Apology, but truth still awaited
In his funeral speech on June 30, Tshisekedi thanked the Belgian authorities "for having contributed to the re-establishment of the truth” about the assassinations. “It is only after having told the truth, after having established the responsibilities of all parties that we can together, Congolese and Belgians, begin the decisive stage of forgiveness, justice and true reconciliation,'' declared the head of State, without making any further demands in terms of reparations or restitution of cultural heritage looted during the colonial period.

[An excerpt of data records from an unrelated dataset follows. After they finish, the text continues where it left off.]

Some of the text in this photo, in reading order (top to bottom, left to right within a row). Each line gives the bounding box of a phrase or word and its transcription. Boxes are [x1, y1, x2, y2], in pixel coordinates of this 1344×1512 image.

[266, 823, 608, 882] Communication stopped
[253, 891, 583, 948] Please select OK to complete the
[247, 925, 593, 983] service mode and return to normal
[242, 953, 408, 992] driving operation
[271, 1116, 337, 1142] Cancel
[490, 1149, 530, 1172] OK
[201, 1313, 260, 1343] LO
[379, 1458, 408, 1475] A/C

On the judicial front, it is the Lumumba family that has taken the lead. In 2011, it filed a complaint in Belgium for war crimes, torture and degrading treatment, his grand-daughter Yema Lumumba tells Justice Info. Last February, she adds, the investigating judge asked the House of Representatives to provide them with the documents of the Belgian parliamentary commission of inquiry that between 2000 and 2001 looked into Lumumba's assassination. The commission concluded that Belgium had a simple moral responsibility.
At the restitution ceremony in Brussels, Alexander De Croo, the Belgian Prime Minister, said: "We have recognized the moral responsibility of the Belgian government. I repeat it again, on this official day that Belgium bids farewell to Patrice Emery Lumumba. I reiterate here, in the presence of his family, the apology of the Belgian government for the way in which it influenced the decision to end the Prime Minister’s life.”

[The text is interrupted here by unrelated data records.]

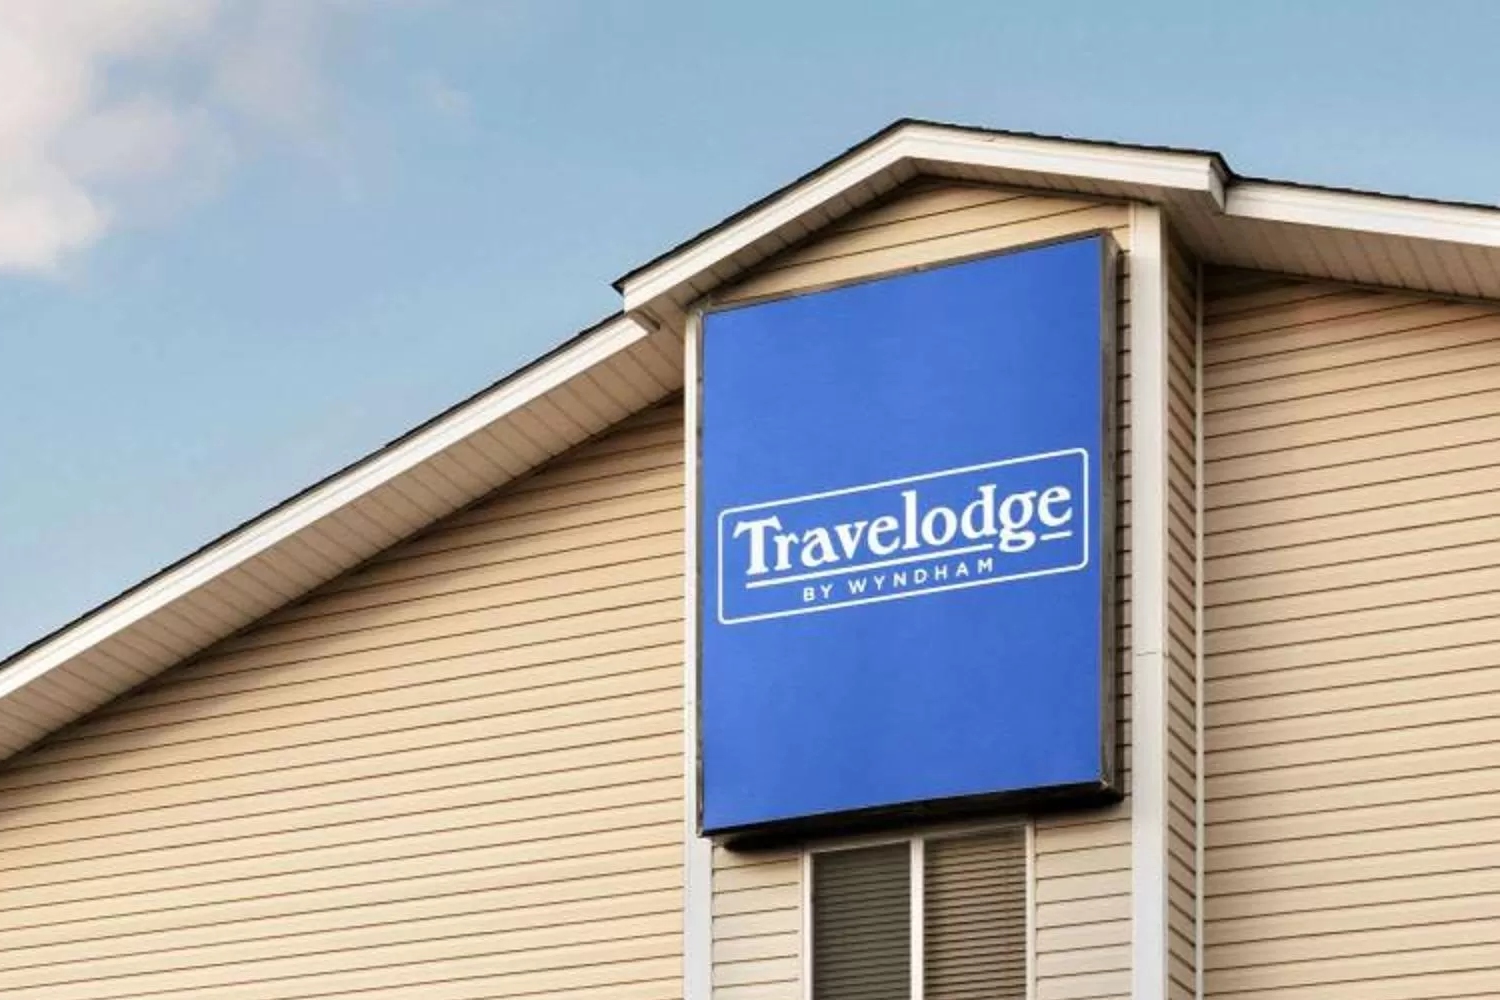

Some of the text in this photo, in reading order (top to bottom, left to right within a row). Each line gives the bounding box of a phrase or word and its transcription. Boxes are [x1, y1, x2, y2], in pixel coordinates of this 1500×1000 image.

[733, 484, 1073, 576] Travelodge
[803, 557, 994, 602] BY WYNDHAM
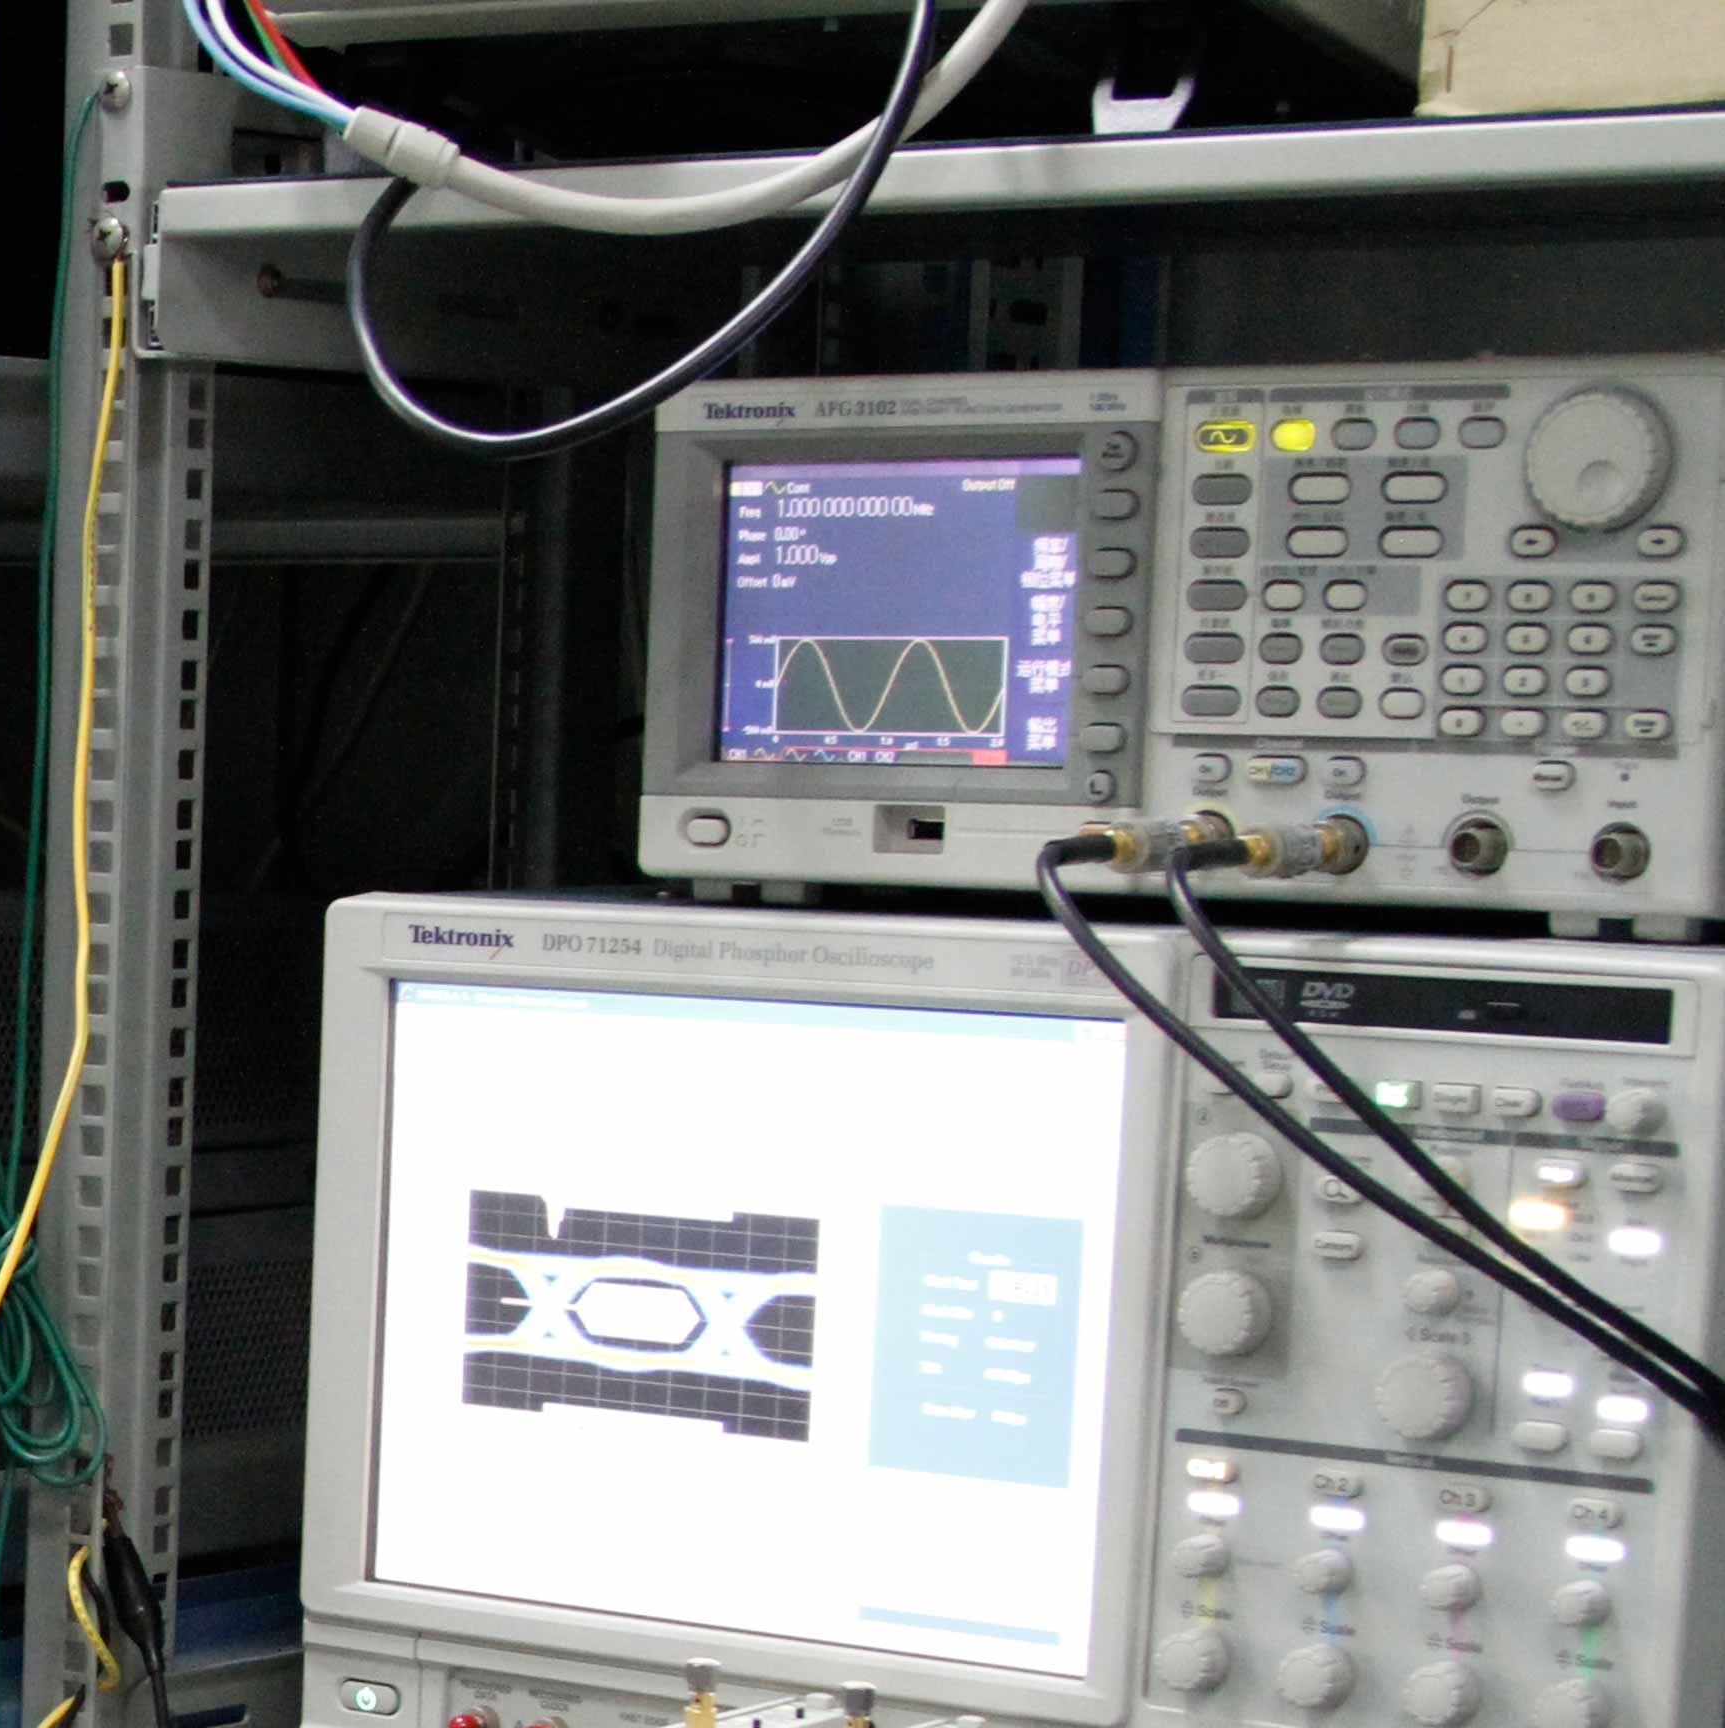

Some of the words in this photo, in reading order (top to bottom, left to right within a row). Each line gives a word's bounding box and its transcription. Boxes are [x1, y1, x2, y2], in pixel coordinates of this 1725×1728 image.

[704, 402, 796, 420] Tektronix
[815, 401, 852, 417] AFG
[855, 400, 897, 416] 3102
[738, 506, 762, 520] Freq
[738, 529, 767, 542] Phase
[737, 553, 762, 566] Ampl
[737, 576, 768, 589] Offset
[408, 924, 515, 949] Tektronix
[542, 932, 583, 954] DPO
[585, 936, 644, 957] 71254
[653, 938, 713, 961] Digital
[718, 942, 808, 968] Phosphor
[811, 946, 935, 973] Oscilloscope
[1303, 981, 1355, 999] DVD
[1314, 1472, 1338, 1491] Ch
[1337, 1475, 1350, 1491] 2
[1438, 1488, 1463, 1506] Ch
[1464, 1490, 1477, 1508] 3
[1573, 1503, 1597, 1521] Ch
[1596, 1506, 1609, 1523] 4
[1198, 1603, 1234, 1622] Scale
[1319, 1620, 1357, 1639] Scale
[1445, 1637, 1483, 1655] Scale
[1575, 1654, 1614, 1673] Scale
[473, 1690, 497, 1701] DATA

Certainly the restitution stirs a knife in the wound. President of the National Assembly Mboso NKodia said a few days earlier that the King of Belgium should come to "bury a page of painful history between the Democratic Republic of Congo and the Kingdom of Belgium” -- a past for which King Philippe expressed "regret" in early June at the Palais du peuple (seat of parliament in Kinshasa), in the same place where Lumumba's coffin was placed for his national funeral. But few voices are being raised to demand more reparations for colonial crimes.
Government complacency?
The New Congolese Civil Society (NSCC), one of the country's largest civil society organizations, thinks the Belgian and Congolese governments are complacent and are encouraging impunity by settling for symbolic ceremonies. “We demand justice and reparation for Patrice Emery Lumumba," says Jonas Tshiombela, national coordinator of the NSCC. It is "regrettable" that the government is not demanding reparation but is content to have brought back the relic, he continued. "There is no apology without reparation," said Prince Epenge, spokesman for the opposition coalition Lamuka. “We are happy, although the conditions of his death have yet to be determined, as well as responsibilities and reparations. But the mourning can end, the rest will follow," said Lambert Mende, a politician hailing from Sankuru like Lumumba, during the ceremonies organized in his hometown of Onalua.

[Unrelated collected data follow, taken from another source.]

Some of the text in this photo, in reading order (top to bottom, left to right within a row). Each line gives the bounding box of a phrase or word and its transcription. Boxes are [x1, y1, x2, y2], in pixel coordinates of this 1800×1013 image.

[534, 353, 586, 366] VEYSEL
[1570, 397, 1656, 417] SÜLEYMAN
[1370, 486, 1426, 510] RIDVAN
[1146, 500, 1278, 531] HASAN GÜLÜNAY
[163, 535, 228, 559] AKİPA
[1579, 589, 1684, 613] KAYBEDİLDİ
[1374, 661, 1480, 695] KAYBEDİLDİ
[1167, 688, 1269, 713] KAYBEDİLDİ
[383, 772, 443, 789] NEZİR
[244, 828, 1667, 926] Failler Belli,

The Brussels Court of Appeal has summoned the family for a hearing on September 5, says Yema Lumumba, when it will be known if they have access to the minutes of closed hearings of the Belgian parliamentary commission on Lumumba's assassination. His eldest son, François, is confident: "There are documents that have been in Parliament for years, and our lawyers would like to consult them,” he says. “Up to now, they have not received authorization, but I think by then, they will have it."